4 = 2.5sin[2pi(t-1.5)/12.4] + 4.3

First we subtracted 4.3 from both sides like so.

-0.3 = 2.5sin[2pi(t-1.5)/12.4]

Then we added the phase shift to both sides to get...

1.2 = 2.5 sin[2pi(t)/12.4]

Then we divided parameter A out.

0.48 = sin[2pi(t)/12.4)

We then divided 2pi/12.4 in which .48 would be multiplied by the reciprocal of 2pi/12.4, and moved sine to the other side to change it to ARCSine to isolate

*t.*

ARCSine(0.9473) = t

Which would equal to -->

**1.2447 hours.**

To make it efficient, we'll multiply the .2247 by 60 so

**Depth of water of 4 metres occurs at 1:13:48 am.**

Again, sorry for posting so late. Original personnel that was to post, did not post. Feel free to comment, as we are supposed to.

## 19 comments:

Yeah just a tad late but hey you got it in and that is what counts :) Your 1st question seems the most different from the other groups questions which is interesting. I'm not sure what that question was asking for but I understand what you did to answer it and it makes sense.

The Questions in bold.

you handed your work in and that's what counts. What I really liked about your solutions is particularly in question d. I appreciated how you explained each step..that is crucial especially if someone **coughs, me** has trouble with solving this kind of problem...but I did have to catch you on one thing...proper math terms... now look whose talking..but it was two in the morning when our group finished, but still..the proper use of math terms is a beautiful thing..

Question isn't in bold. I'll fix it so that you can see A,B,C,D etc.

Jamie, I'll see if I can catch what your talking about and fit in proper terms.

Well I was already talking to you Lawrence when you decided to get your post up so you already know that I feel its good you got it up :p

Anyways, like Jamie said, I really appreciate how you answered part D.) step by step. Especially in those word problems its easy to get lost in your steps, and illustrating exactly how you did it helps both the people looking at your work, and yourself (as it makes it easier to catch mistakes).

I vote correct!

welll, it's not that bad... it's quite understandable.. it's just if you want perfection, you know. but then again i wouldn't know about much of that. haha its just the "get rid of" that bothers me.

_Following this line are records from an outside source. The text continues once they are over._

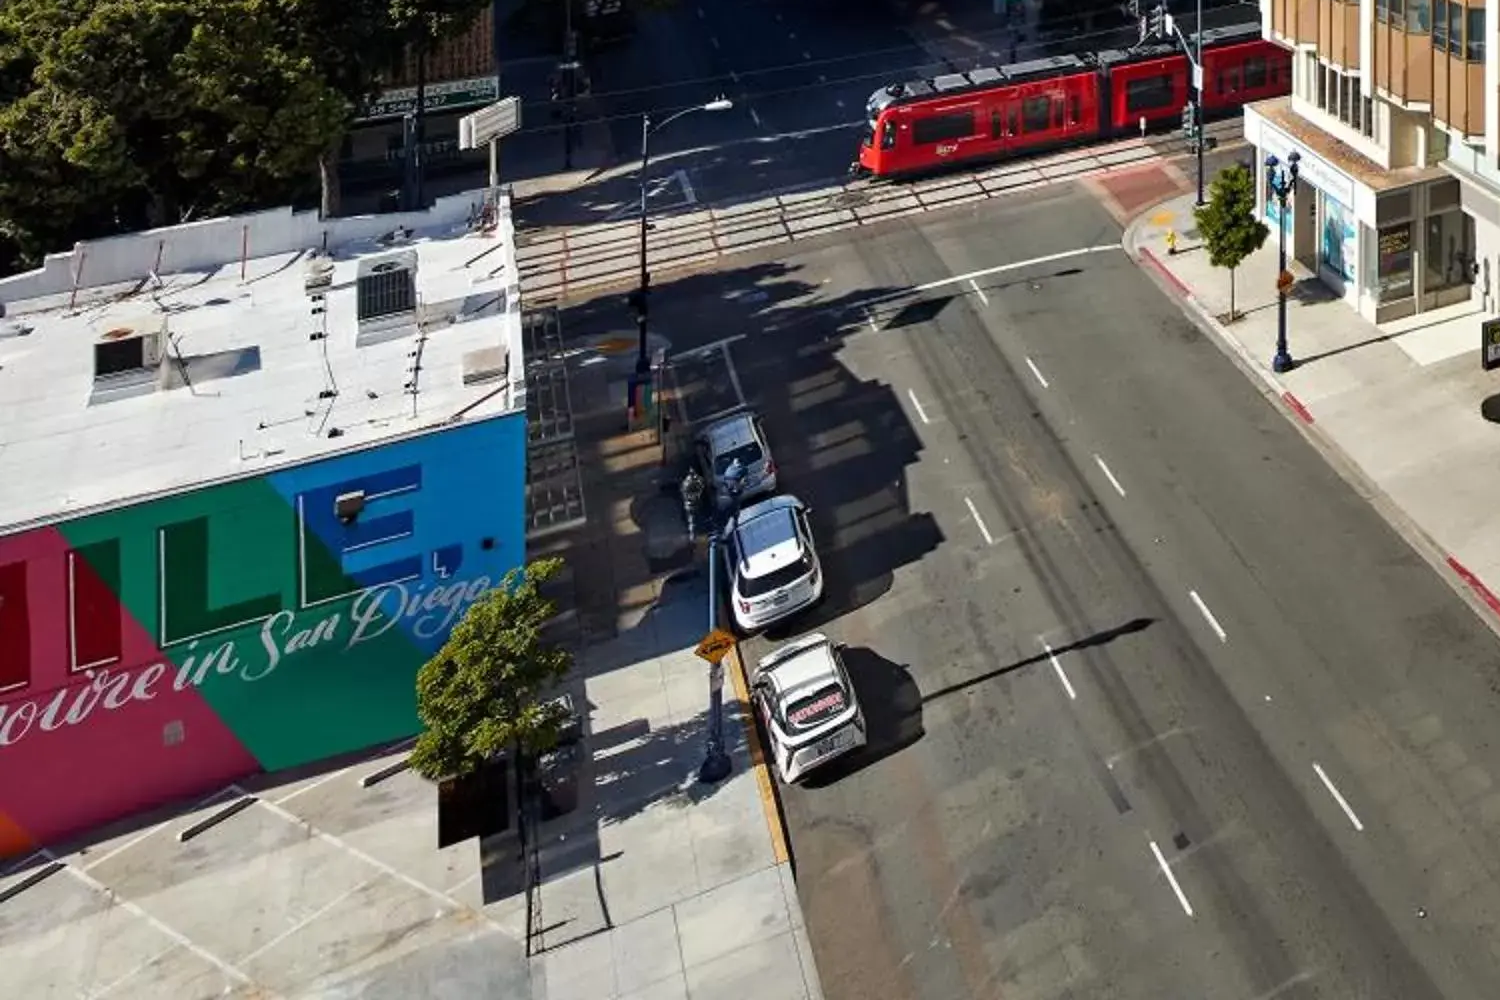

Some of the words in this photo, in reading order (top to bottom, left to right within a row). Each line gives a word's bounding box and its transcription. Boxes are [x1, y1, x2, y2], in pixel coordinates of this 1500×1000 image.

[0, 463, 464, 692] ILE,
[0, 663, 166, 746] ou're
[173, 640, 239, 691] in
[240, 609, 341, 682] San
[344, 576, 491, 652] Diego
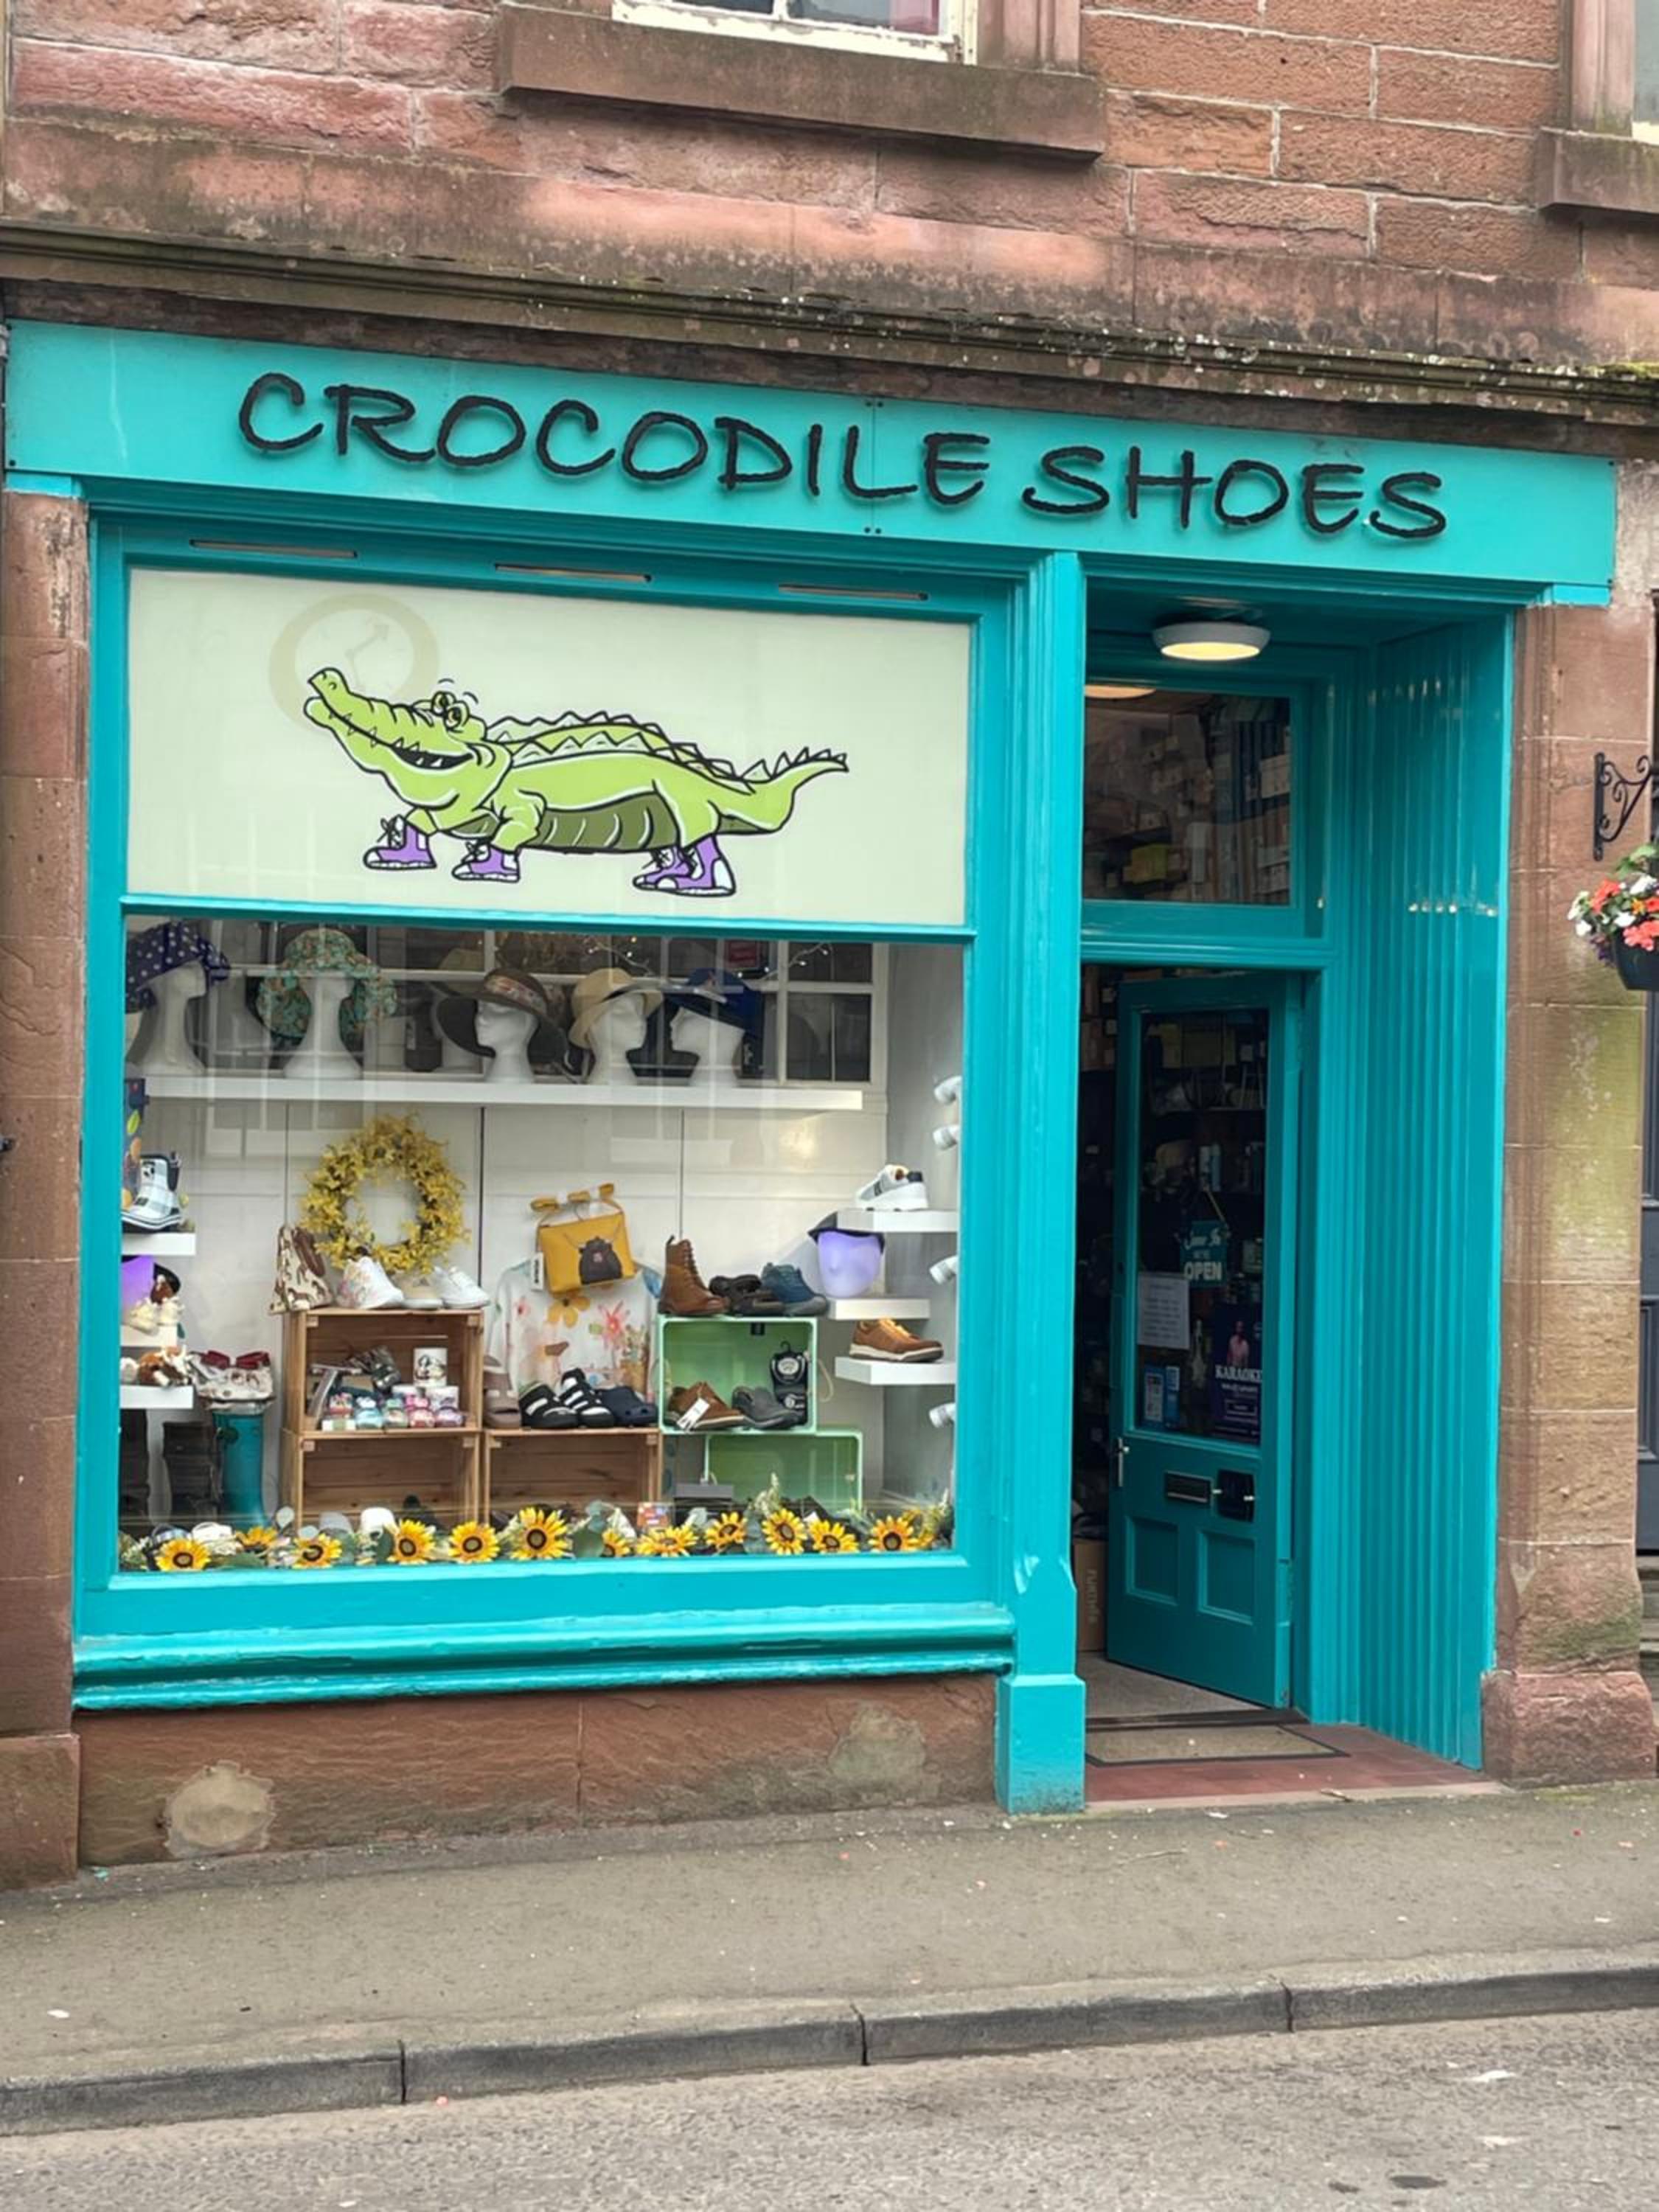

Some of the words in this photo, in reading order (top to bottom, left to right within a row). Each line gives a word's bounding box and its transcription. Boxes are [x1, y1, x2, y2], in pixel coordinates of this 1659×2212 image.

In your part D, I don't understand why'd you 'get rid of' your phase shift before you divided the 2.5 on both sides.

4 = 2.5 sin [2pi(t-1.5)/12.4] + 4.3

Let X = 2pi(t-1.5)/12.4.

4 = 2.5 sin X + 4.3

-0.12 = sin X

-0.1203 = X

-0.1203 = 2pi(t-1.5)/12.4

[(-0.1203)(12.4)/(2pi)] + 1.5 = t

1.2626 = t

...which converts to 1:15:45 a.m.

Yeah, I just tried your part D as well. I was confused when I read the part where you said you added the phase shift to both sides. Since after I tried it, I ended up getting the same answer that Joseph has shown. Other than that, everything is good. Be careful of the order in which you solve those types of questions next time, okay? :P

yes yes part d is kinda confusing. I noticed you didn't make that the numbers in the brackets or paranthesis...whatever they're called into theta. After doing the question i got 1:15:45 am too joseph.

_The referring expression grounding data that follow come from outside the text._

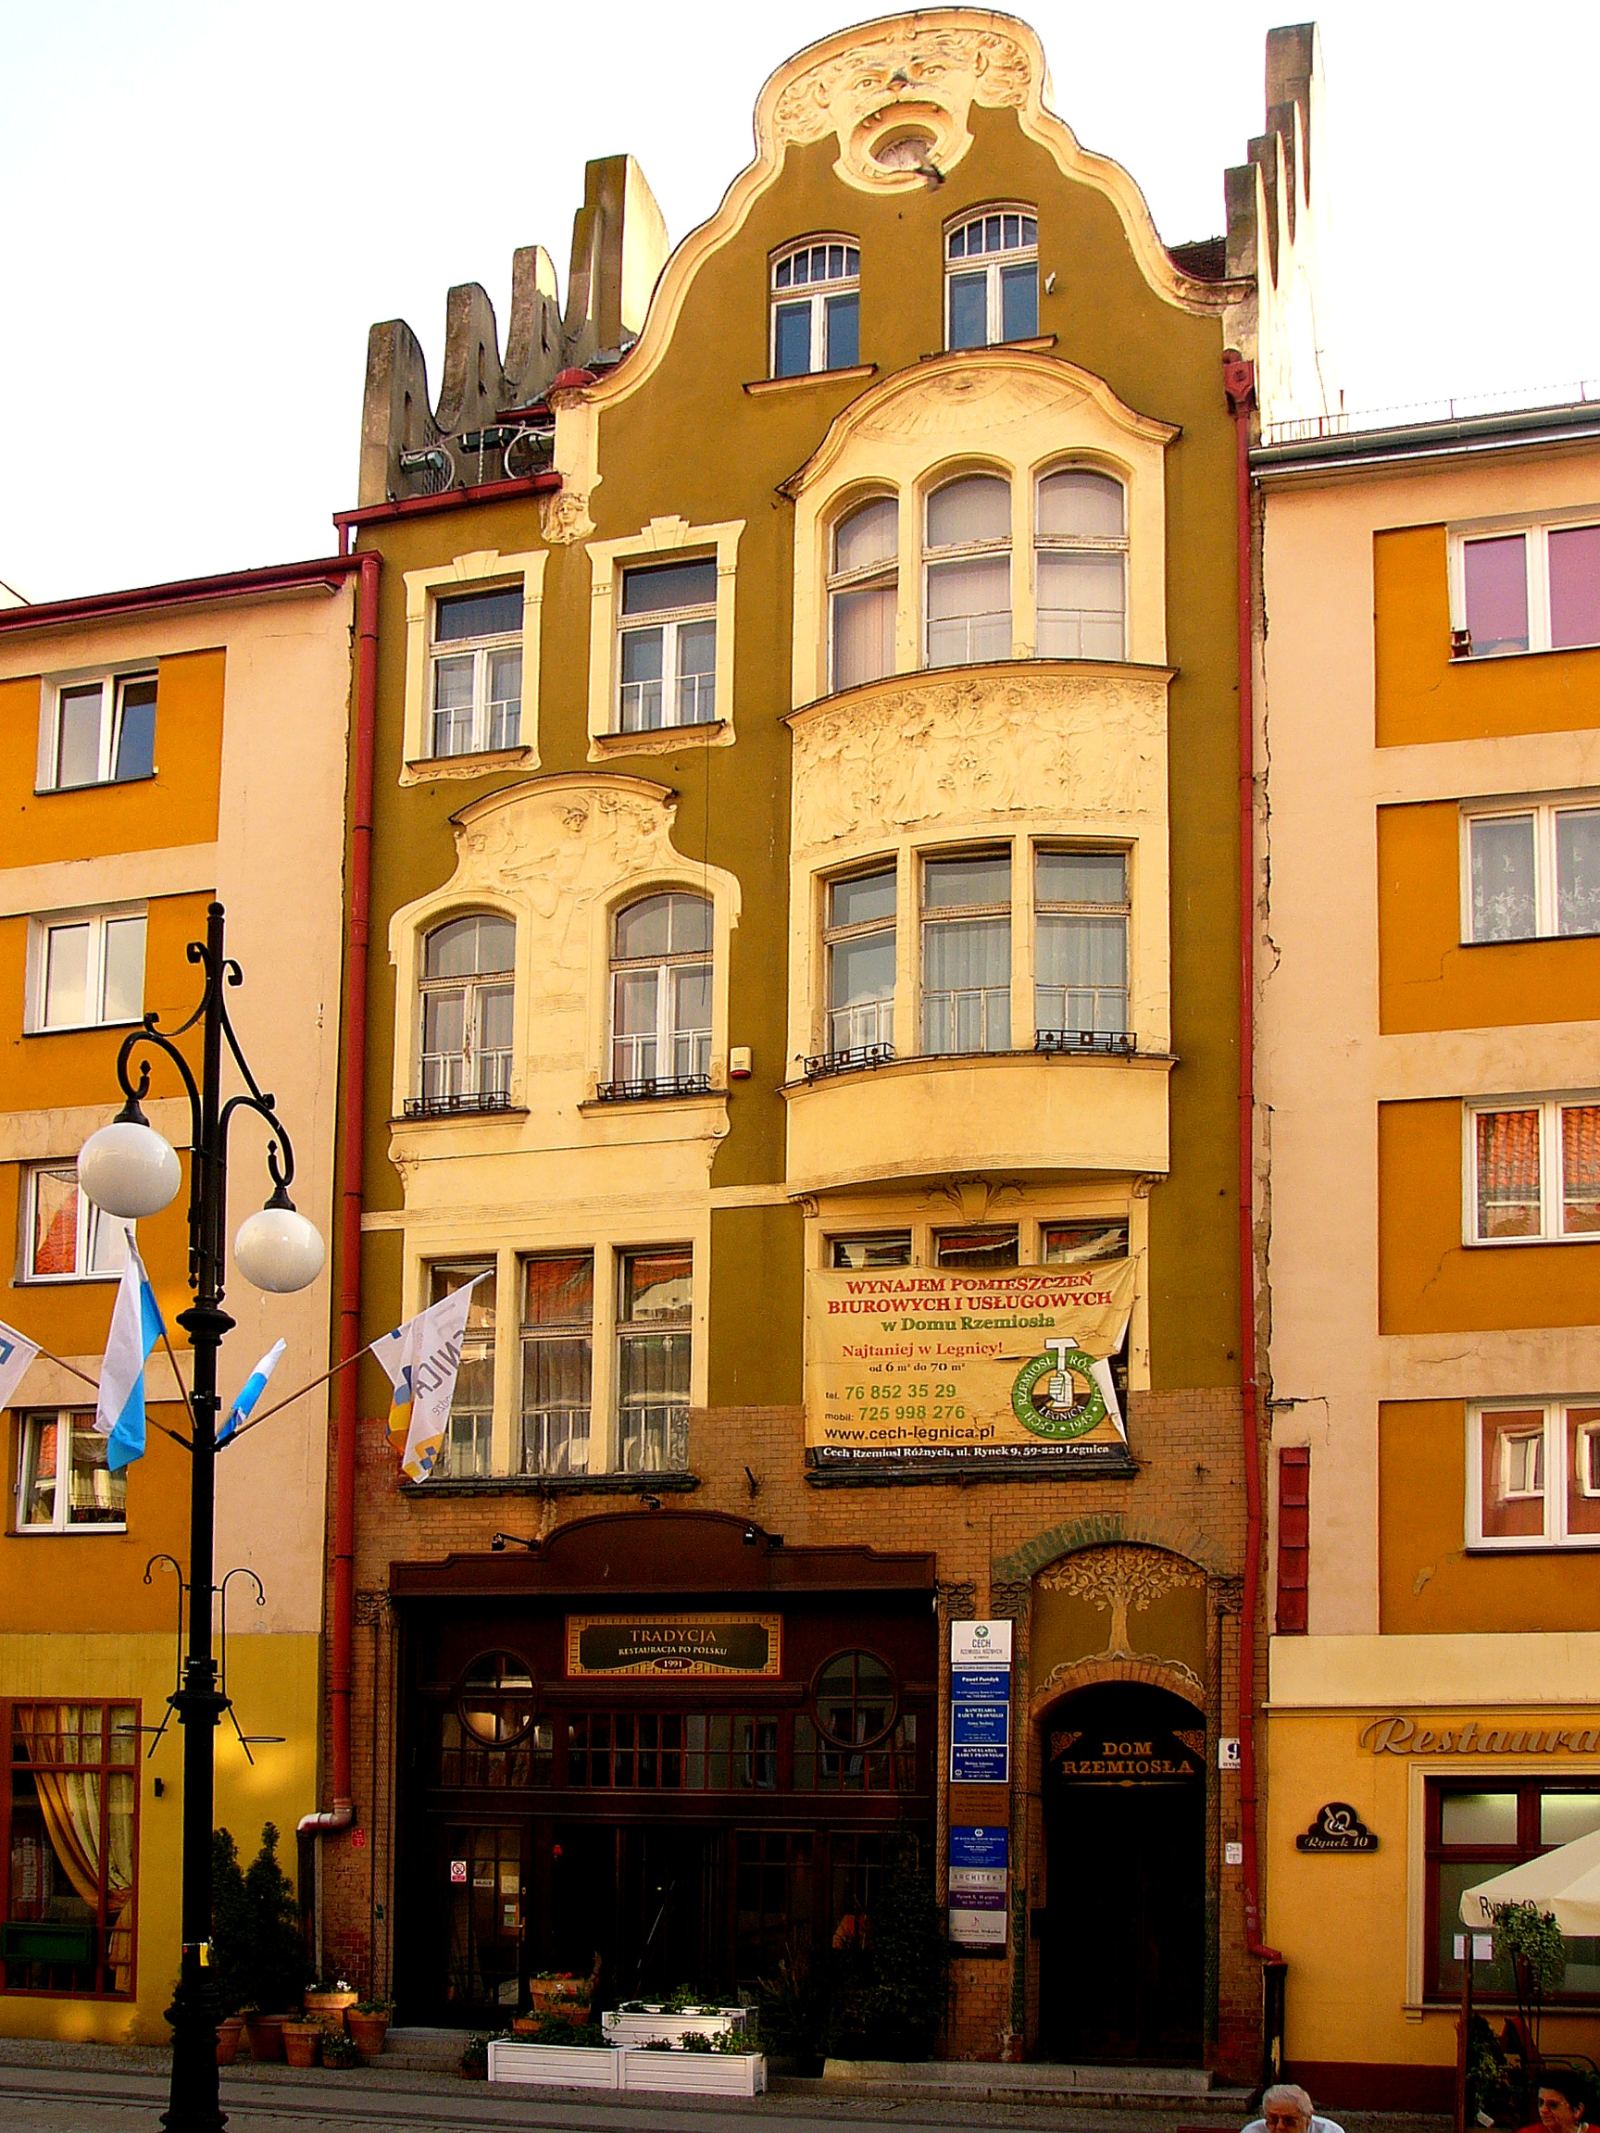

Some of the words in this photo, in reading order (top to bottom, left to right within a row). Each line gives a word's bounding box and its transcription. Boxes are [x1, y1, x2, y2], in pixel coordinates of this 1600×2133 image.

[846, 1278, 945, 1295] WYNAJEM
[950, 1271, 1095, 1292] POMIESZCZEŃ
[828, 1297, 950, 1314] BIUROWYCH
[954, 1297, 963, 1311] I
[967, 1291, 1113, 1311] USŁUGOWYCH
[881, 1319, 897, 1331] w
[901, 1317, 957, 1332] Domu
[961, 1313, 1055, 1330] Rzemiosła
[842, 1342, 914, 1359] Najtaniej
[918, 1346, 932, 1356] w
[936, 1342, 1003, 1357] Legnicy!
[869, 1363, 882, 1372] od
[885, 1361, 894, 1373] 6
[913, 1362, 927, 1371] do
[930, 1362, 948, 1372] 70
[825, 1391, 840, 1400] tel.
[845, 1386, 865, 1400] 76
[871, 1385, 902, 1399] 852
[908, 1384, 929, 1398] 35
[935, 1384, 956, 1398] 29
[824, 1412, 854, 1422] mobil:
[859, 1407, 889, 1421] 725
[896, 1406, 926, 1420] 998
[933, 1405, 965, 1419] 276
[1038, 1404, 1085, 1421] LEGNICA
[824, 1425, 995, 1442] www.cech-legnica.pl
[823, 1447, 850, 1458] Cech
[903, 1447, 954, 1458] Różnych,
[956, 1447, 970, 1456] ul.
[974, 1446, 1009, 1457] Rynek
[1010, 1446, 1021, 1456] 9,
[1023, 1445, 1063, 1456] 59-220
[1066, 1444, 1109, 1456] Legnica
[630, 1629, 717, 1643] TRADYCJA
[618, 1646, 676, 1655] RESTAURACJA
[678, 1645, 691, 1653] PO
[693, 1646, 728, 1656] POLSKU
[663, 1660, 683, 1668] 1991
[1360, 1716, 1600, 1755] Restaura
[1102, 1742, 1153, 1756] DOM
[1227, 1743, 1240, 1760] 9
[1062, 1760, 1195, 1774] RZEMIOSŁA
[1304, 1836, 1349, 1849] Rynek
[1353, 1836, 1369, 1847] 10

First of all good job on the detailed answer. I really like how you put a lot of space so your solution will be easy to follow.After doing the whole question myself, I therefore conclude that Zeph's answer is the right one. There is something wrong with the algebra. There are many different ways to check this problem. One of them is to use your calculator. First of all, you need to plug in the function. Then press the 2ND button then TRACE then press 1.After that plug in your answer as the x value then press ENTER. You should see that the y value should be very close to 4. Thats the quick way of doing it.

-m@rk

Better late than never right?! (: Anyways, i found this problem particulary easier than the others because the equation was already there. BUT on part D I got a different answer. I believe it should be 1:15am?!

i got 1.2626 hrs for d

which is like 1:15am

After careful examination between Group Second to None and joseph i have come to conclude that joseph's answer is correct

I loved how you explained every little detail. It gave me a great understanding, made it seem like I was doing the questions myself. The graph was also very neat. Unlike ours. I noticed that someone recognized a flaw. Close to flawless.

Two minutes off guys. Give me a break. Lol.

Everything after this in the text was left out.